I’m trying to deploy my API, that’s working perfect local. When I deploy and try to acess the endpoint movie_predict, the service is reseted. There are something to config?
import pandas as pd
from utils.string import name_treat, gruped_metadados, tagline_treat, remover_pontuacao
from sklearn.metrics.pairwise import linear_kernel
from sklearn.feature_extraction.text import TfidfVectorizer
import unicodedata
from fastapi import FastAPI, Query
from fastapi.responses import JSONResponse
from traceback import print_exception
from fastapi.middleware.cors import CORSMiddleware
app = FastAPI()
app.add_middleware(
CORSMiddleware,
allow_origins=["*"],
allow_credentials=True,
allow_methods=["POST", "GET"],
allow_headers=["*"],
expose_headers=["*"]
)
@app.get("/movie_predict/{movie_name}")
async def simple_recommendation(movie_name: str):
try:
movies_list = simple_movie_recommendation(movie_name)
return JSONResponse(
status_code=200,
content={'movies': movies_list},
)
except Exception as e:
print_exception(e)
return JSONResponse(
content={'message': 'Internal server error'},
status_code=500
)
@app.get("/movies_list/")
async def movie_list():
try:
df = data()
movies_list = sorted(list(df[df.vote_count >= 50].original_title.unique()))
return JSONResponse(
status_code=200,
content={'movies': movies_list},
)
except Exception as e:
print_exception(e)
return JSONResponse(
content={'message': 'Internal server error'},
status_code=500
)
def data():
movies = pd.read_csv(
'https://raw.githubusercontent.com/alexvaroz/data_science_alem_do_basico/master/tmdb_movies_data.csv')

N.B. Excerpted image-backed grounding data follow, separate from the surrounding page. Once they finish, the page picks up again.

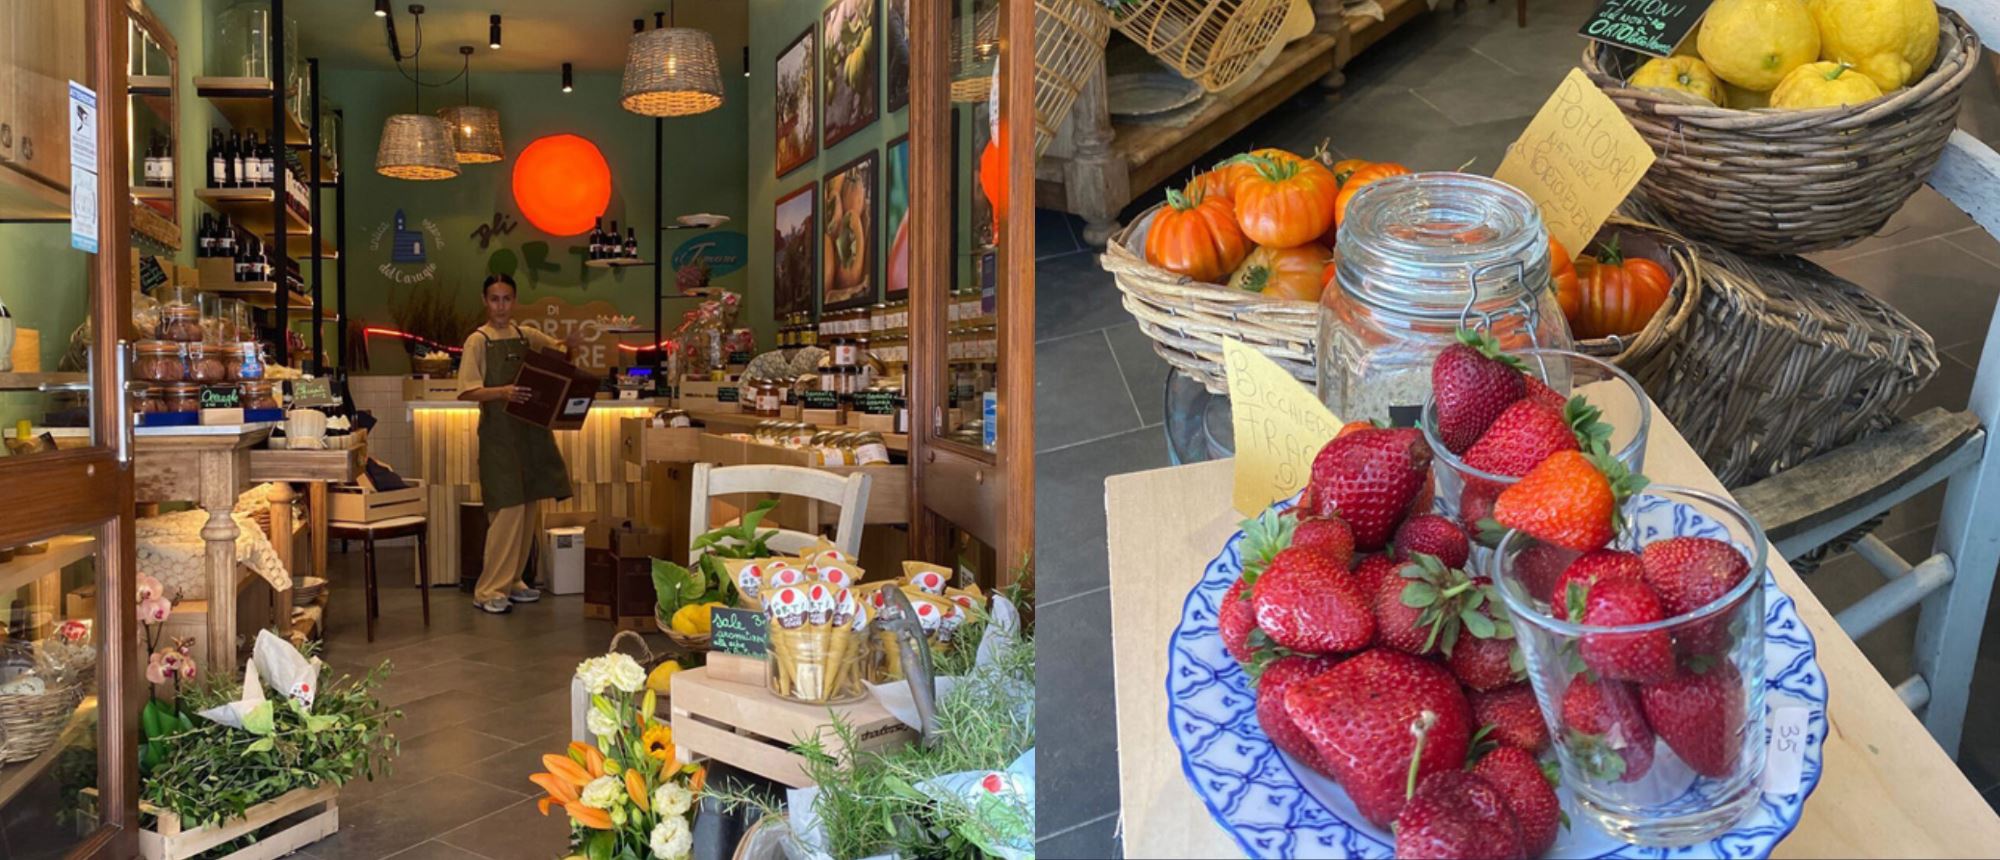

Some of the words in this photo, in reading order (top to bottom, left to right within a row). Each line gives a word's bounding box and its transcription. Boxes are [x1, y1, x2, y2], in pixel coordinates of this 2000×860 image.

[471, 212, 518, 249] gli
[547, 305, 560, 315] DI
[712, 612, 747, 630] sale
[1777, 725, 1800, 753] 35
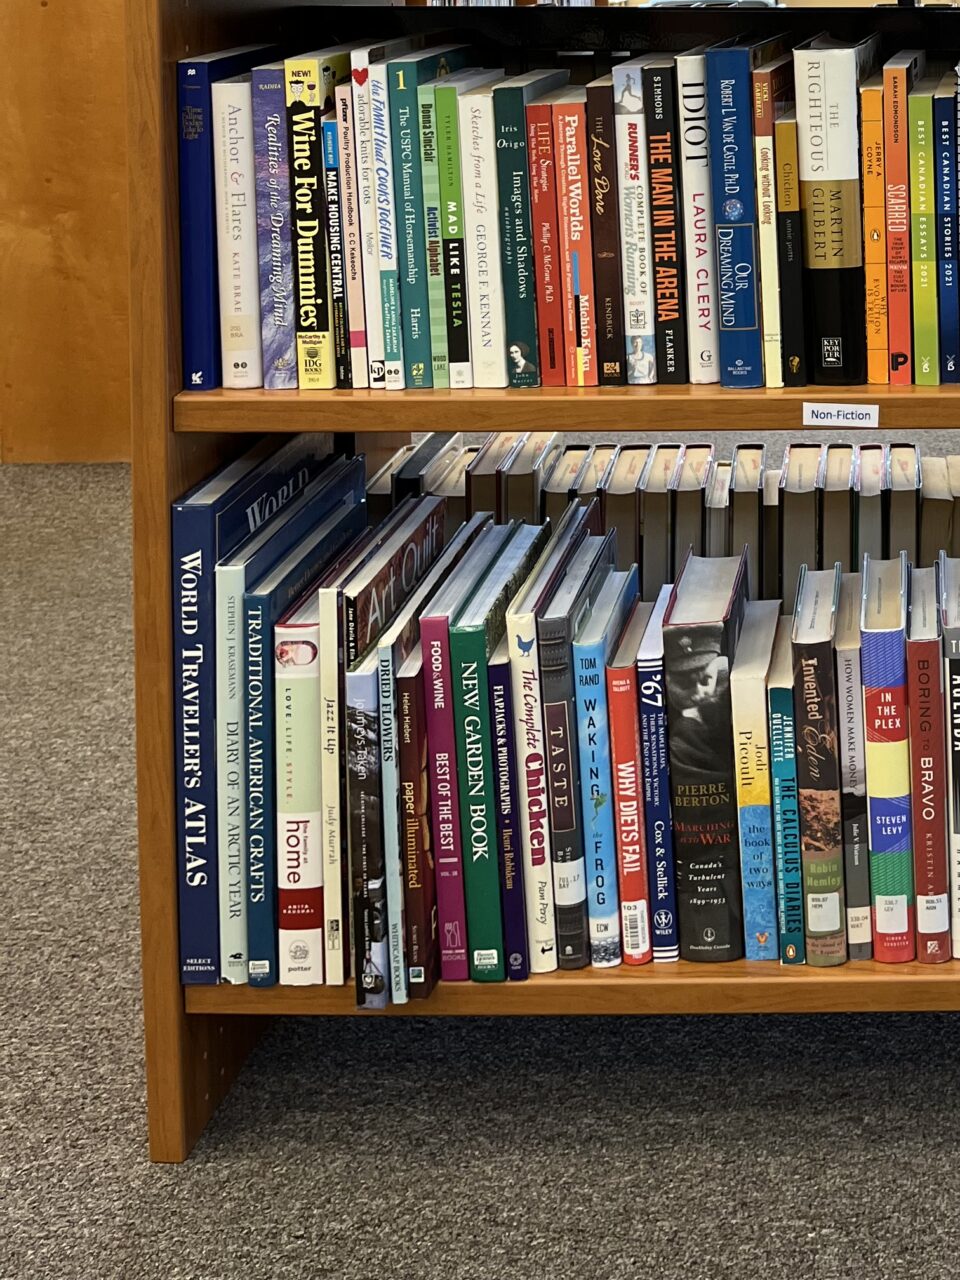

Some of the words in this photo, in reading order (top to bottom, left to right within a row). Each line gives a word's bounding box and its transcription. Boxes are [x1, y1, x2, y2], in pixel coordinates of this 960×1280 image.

movies.original_title = movies.original_title.apply(
lambda x: unicodedata.normalize('NFKD', x))
return movies
def recommendation_by_content(title, cosine_sim, df, indice):
idx = indice[title]
sim_scores = enumerate(list(cosine_sim[idx]))
sim_scores = sorted(sim_scores, key=lambda x: x[1], reverse=True)

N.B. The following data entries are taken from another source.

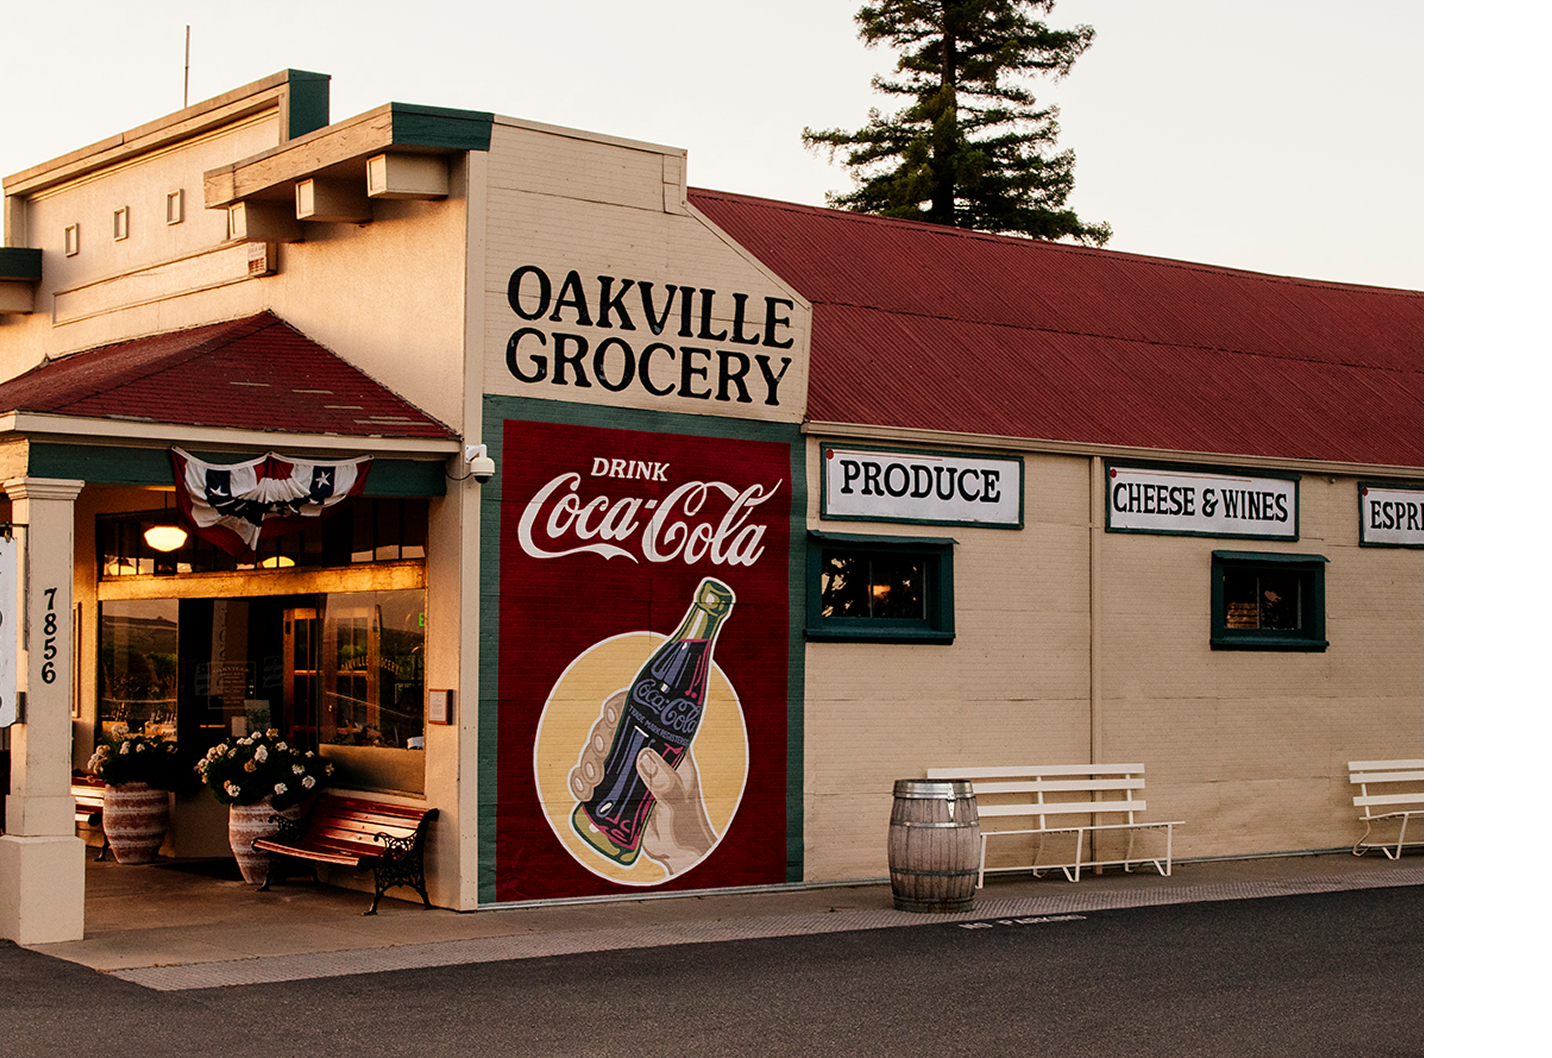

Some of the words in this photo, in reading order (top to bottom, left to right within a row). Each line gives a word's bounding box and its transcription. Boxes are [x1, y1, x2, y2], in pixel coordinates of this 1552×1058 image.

[507, 265, 794, 349] OAKVILLE
[506, 327, 792, 406] GROCERY
[590, 457, 670, 482] DRINK
[839, 459, 1001, 503] PRODUCE
[1113, 482, 1196, 516] CHEESE
[1201, 488, 1219, 518] &
[1220, 489, 1289, 523] WINES
[517, 472, 783, 567] Coca-Cola
[41, 587, 58, 684] 7856

sim_scores = sim_scores[1:11]
movie_indices = [i[0] for i in sim_scores]
return list(df['original_title'].loc[movie_indices])
def simple_movie_recommendation(title):
movies = data()
movies["overview"] = movies["overview"].fillna('')
tfidf = TfidfVectorizer(stop_words='english')
tfidf_matriz = tfidf.fit_transform(movies['overview'])
cosine_sim = linear_kernel(tfidf_matriz)
reversed_index = pd.Series(
movies.index, index=movies.original_title).drop_duplicates()
return recommendation_by_content(title, cosine_sim, movies, reversed_index)